Everyone now knows that the City of London is too big, too powerful, and too dangerous. It is a tax haven in its own right, and the centre of a network of tax havens around the world. The Lord Mayor, who is head of the City of London Corporation (a very curious beast ) is currently Ian Luder (pictured), who has made some very crass statements in the past about protecting London's offshore status, such as:

"The Government has learned not to kill the Golden Goose although it leers at it from time to time. . . . Tax exemption for foreign dividends is very good news, as is simplified asset management taxation and stamp duty land tax relief for alternative finance investment bonds."

Luder's latest words were uttered at a banquet in the City which was also addressed by the very brave Lord Turner, head of the City regulator, who has attracted withering fire for noting the "socially useless" aspect of much of what banks do. Turner said yesterday:

“The financial industry, more than any other sector of the economy, has an ability to generate unnecessary demand for its own services – that more trading and more financial innovation can under some circumstances create harmful volatility against which customers have to hedge, creating more demand for trading liquidity and innovative products; that parts of the financial services industry have a unique ability to attract to themselves unnecessarily high returns and create instability which harms the rest of society.
. . .
Not all financial innovation is valuable, not all trading activity plays a useful role, and a bigger financial system is not necessarily a better one . . . . It is not my job as chairman of the financial regulator to be the industry’s cheerleader."

He won't in his job for long, it seems likely. As one guest at the banquet put it:

“Probably 60 per cent of the people in this room would willingly shoot Turner over that speech."

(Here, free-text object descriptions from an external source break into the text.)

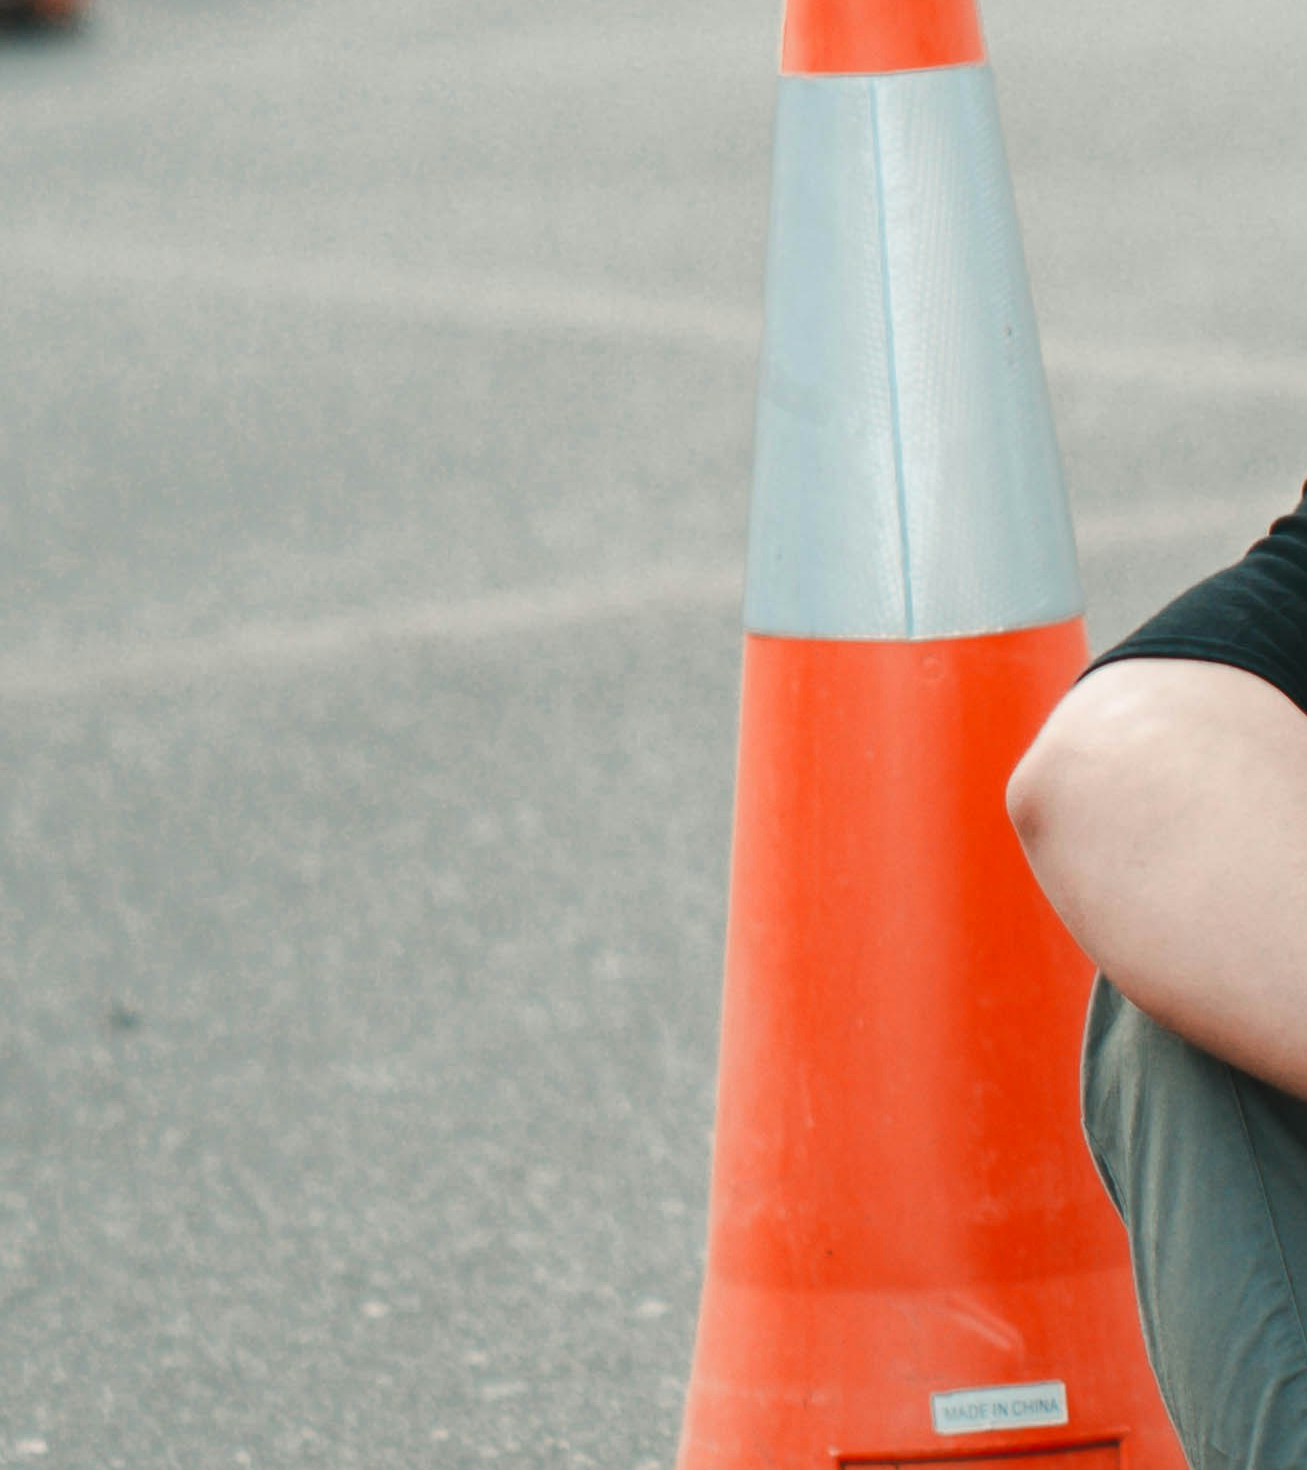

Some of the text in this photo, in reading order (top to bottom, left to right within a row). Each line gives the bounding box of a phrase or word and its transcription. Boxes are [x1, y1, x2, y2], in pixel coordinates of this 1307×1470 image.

[943, 1397, 1060, 1421] MADE IN CHINA
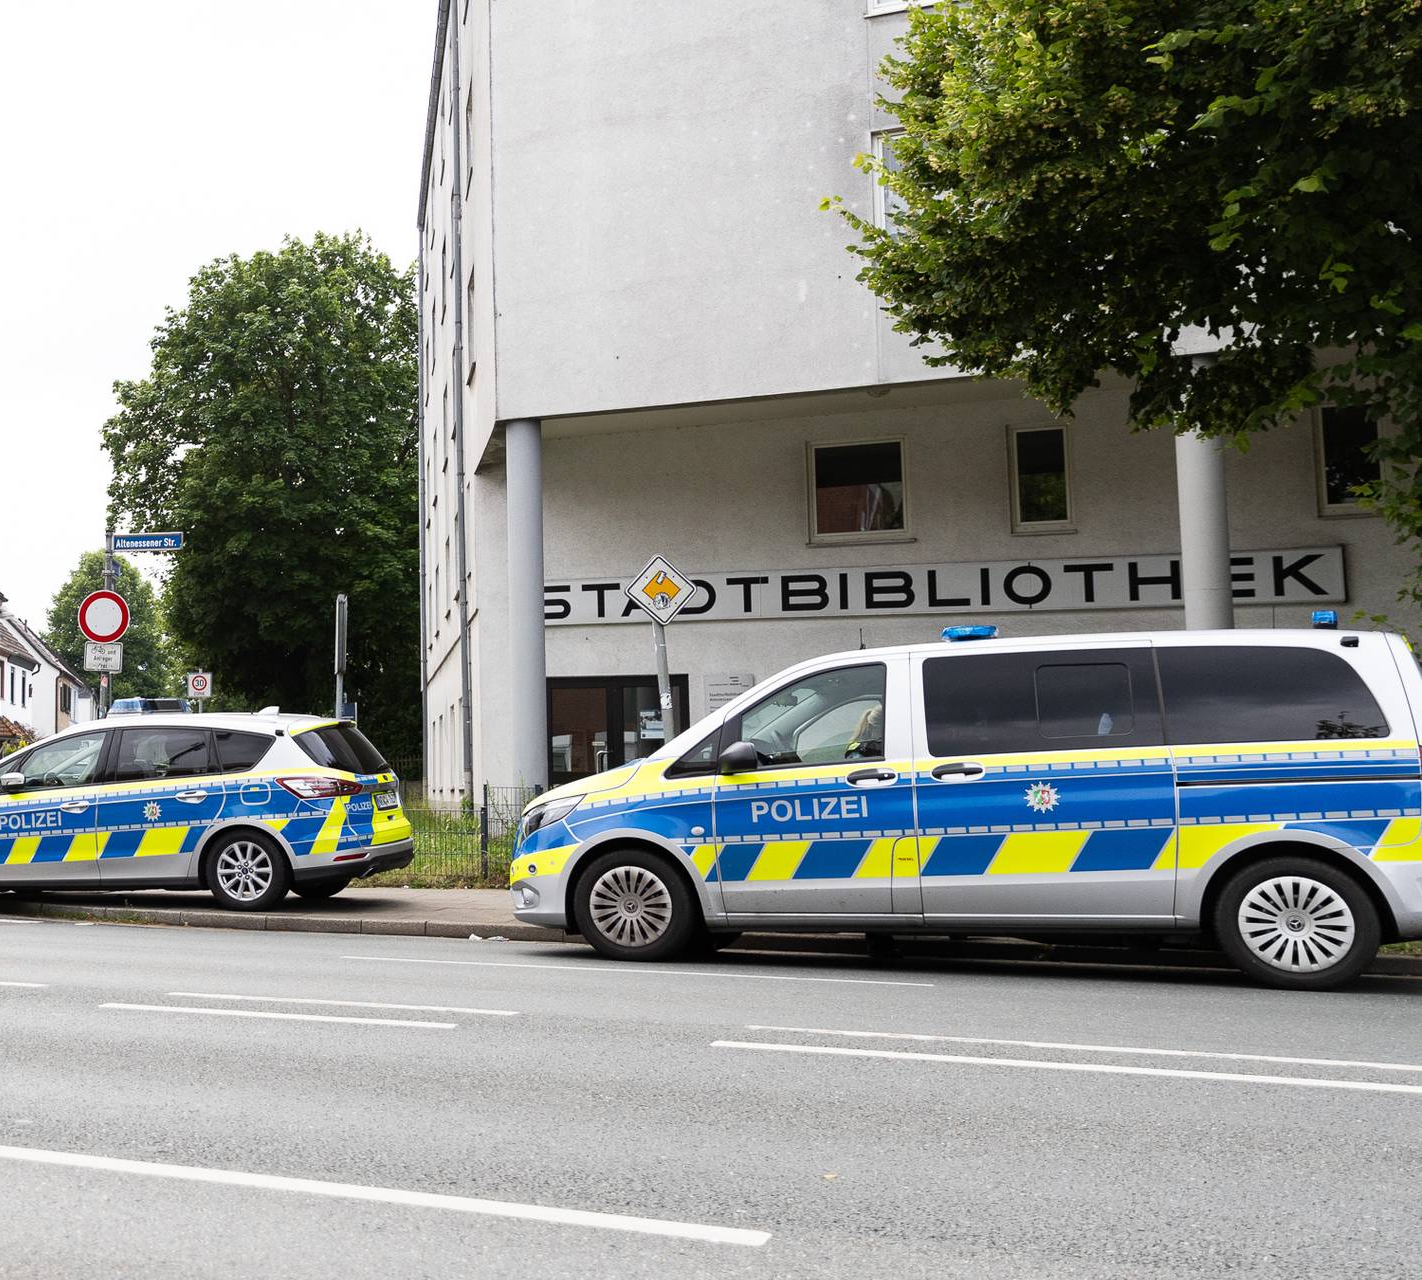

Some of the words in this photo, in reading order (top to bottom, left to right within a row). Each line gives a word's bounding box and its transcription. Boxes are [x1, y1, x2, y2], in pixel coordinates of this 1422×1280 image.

[115, 537, 163, 549] Altenessener
[163, 536, 177, 547] Str.
[195, 679, 205, 687] 30
[346, 801, 373, 812] POLIZEI
[751, 795, 868, 823] POLIZEI
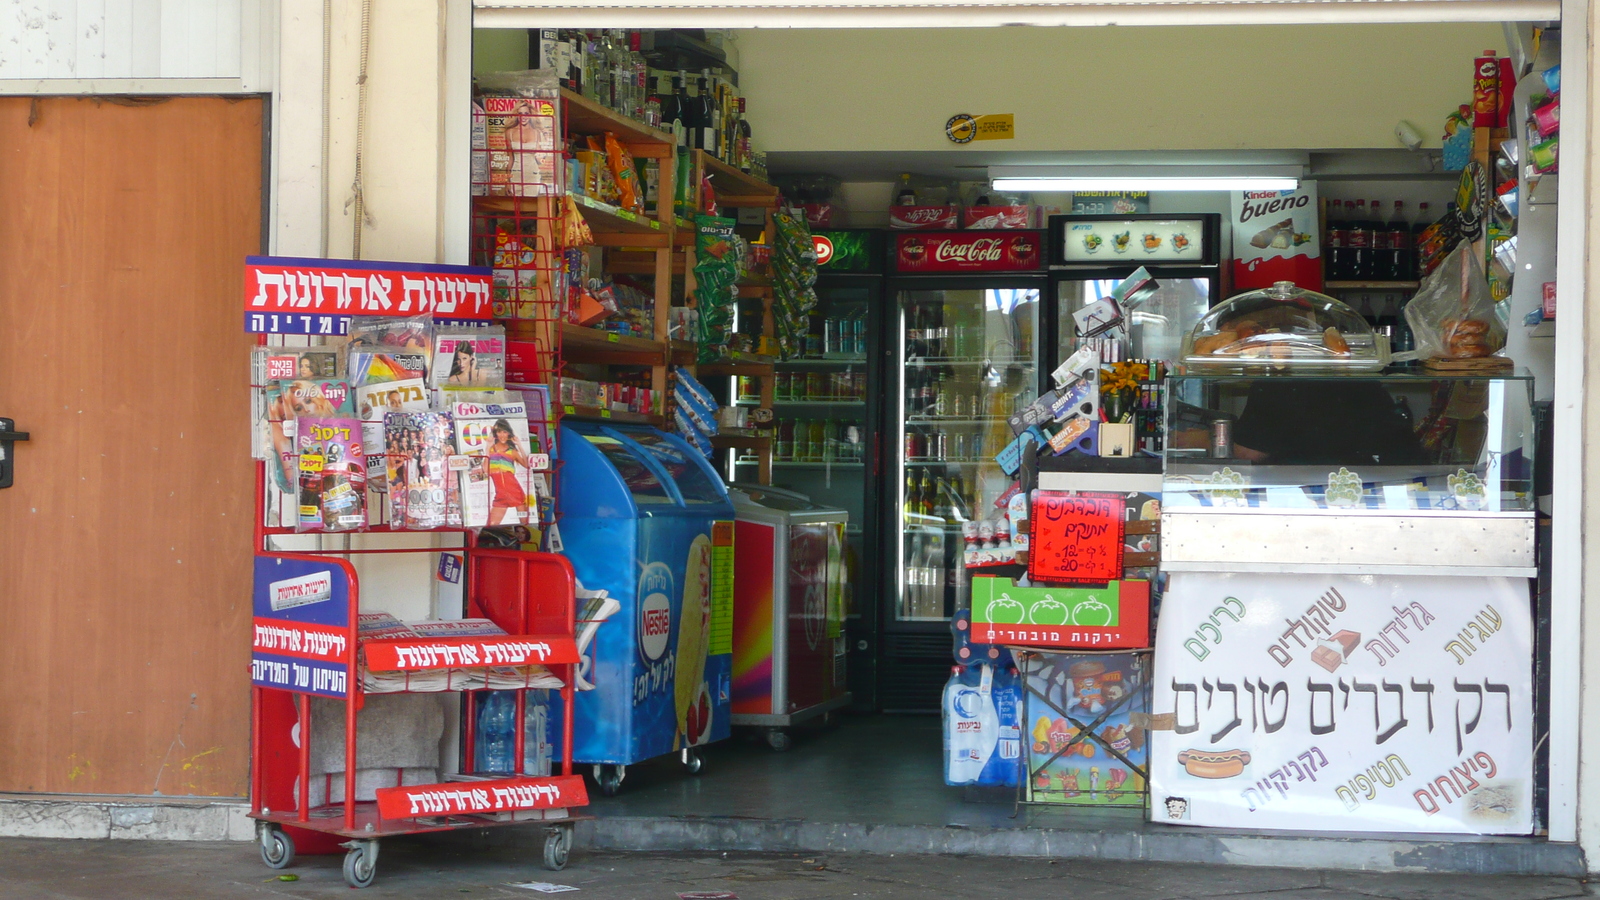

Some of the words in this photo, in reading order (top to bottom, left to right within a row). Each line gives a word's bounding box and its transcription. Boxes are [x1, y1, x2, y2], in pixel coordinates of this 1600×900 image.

Turner himself noted the vitriol he has received:

"One City practitioner declared himself ‘appalled, disgusted, ashamed and hugely embarrassed that I should have lived to see someone who commands a senior and crucial important position as head of the UK regulatory regime, making such damaging and damning remarks’. Well, I am sorry I spoilt his breakfast.
. . .
I wonder whether this thoughtful soul realises that those sentiments are precisely what some of the victims of this recession feel about the excesses of some specific parts of the financial system."

Turner added that

"Some comments on my Prospect magazine interview have suggested that any regulator ought to wish their industry to be as successful as possible and therefore as large as possible. That is frankly a bizarre idea: nobody suggests that it is the role of Ofgem to make the electricity industry as large as possible."

Even in Britain's oversize and dangerous financial sector men and women of courage still exist. His full speech is well worth reading.